## Records supplied

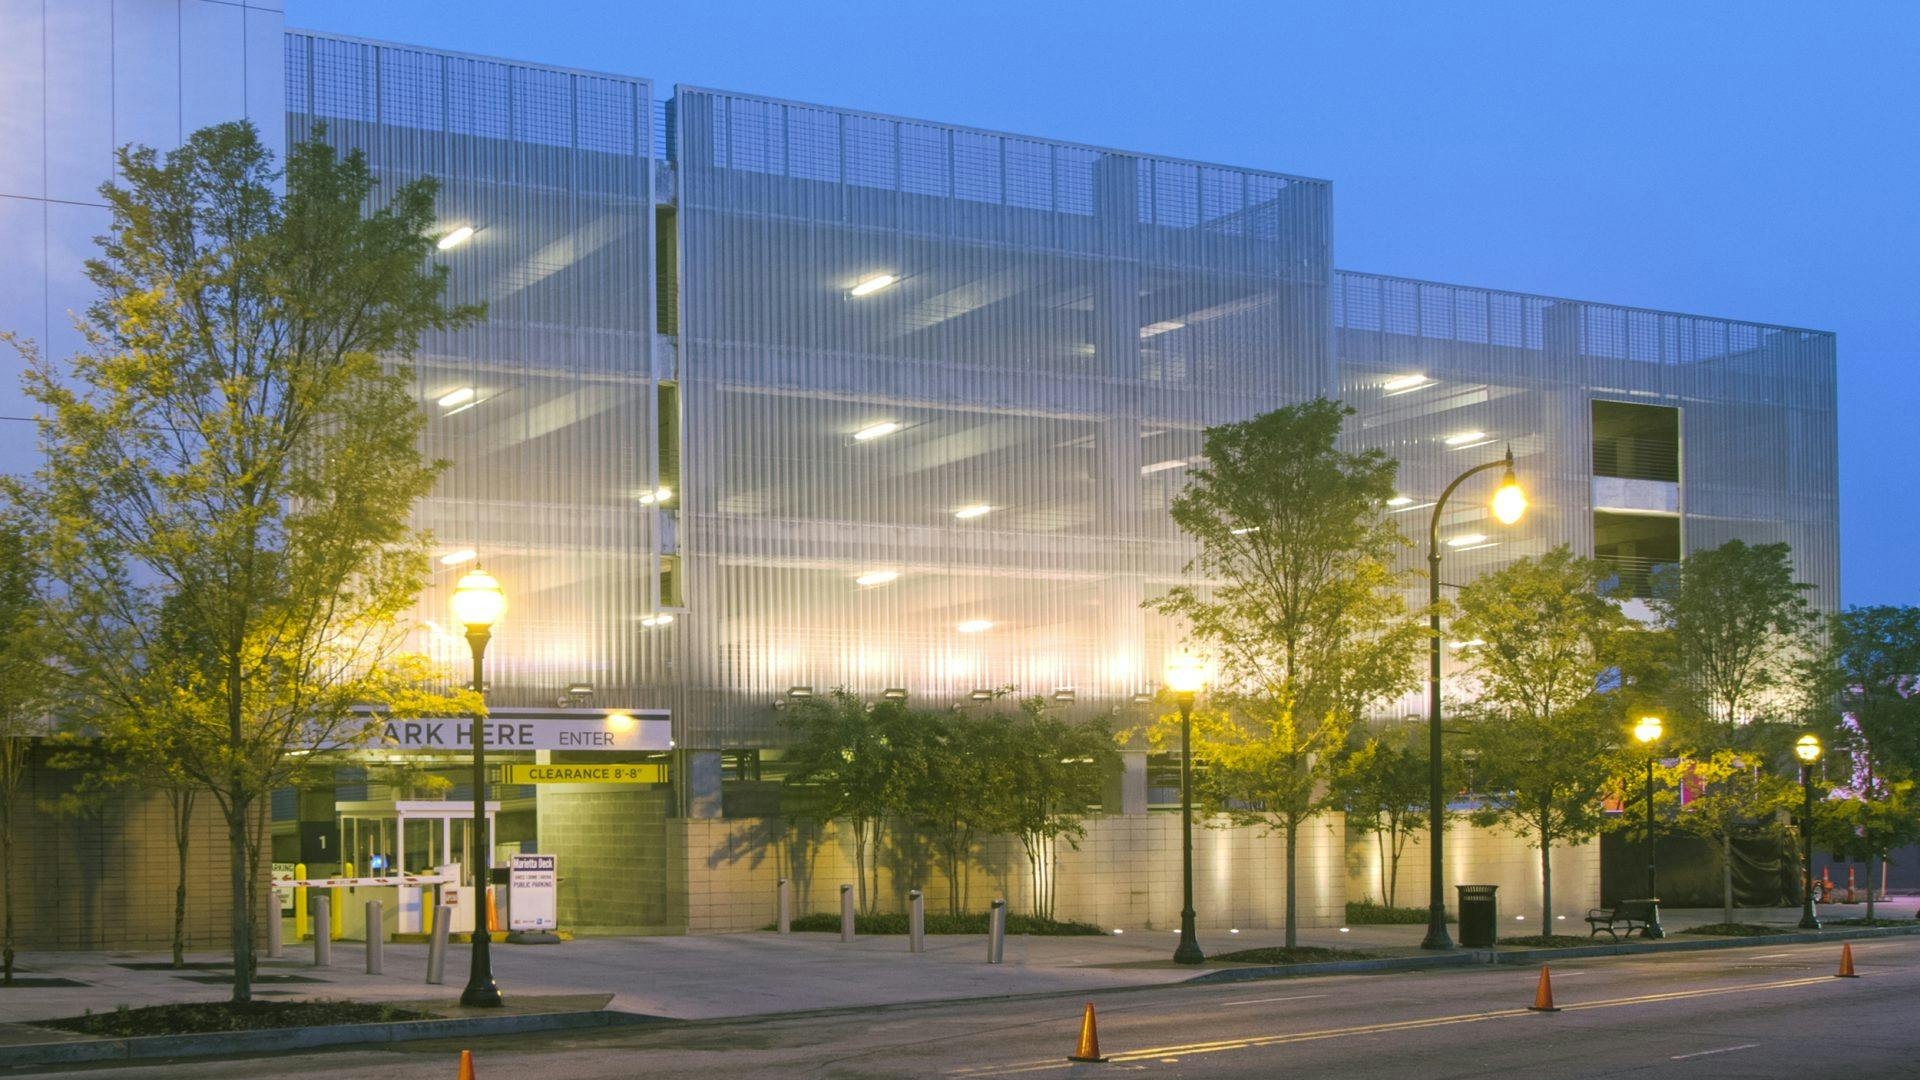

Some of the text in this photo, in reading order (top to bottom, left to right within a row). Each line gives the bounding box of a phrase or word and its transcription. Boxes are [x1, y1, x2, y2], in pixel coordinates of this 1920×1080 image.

[366, 722, 534, 745] ARK HERE
[559, 731, 615, 746] ENTER
[529, 768, 609, 780] CLEARANCE
[318, 835, 326, 849] 1

## Problem statement
If a picture appears in the records, omit it and print everything else exactly.

## Reply
Some of the text in this photo, in reading order (top to bottom, left to right within a row). Each line gives the bounding box of a phrase or word and its transcription. Boxes are [x1, y1, x2, y2], in pixel coordinates of this 1920×1080 image.

[366, 722, 534, 745] ARK HERE
[559, 731, 615, 746] ENTER
[529, 768, 609, 780] CLEARANCE
[318, 835, 326, 849] 1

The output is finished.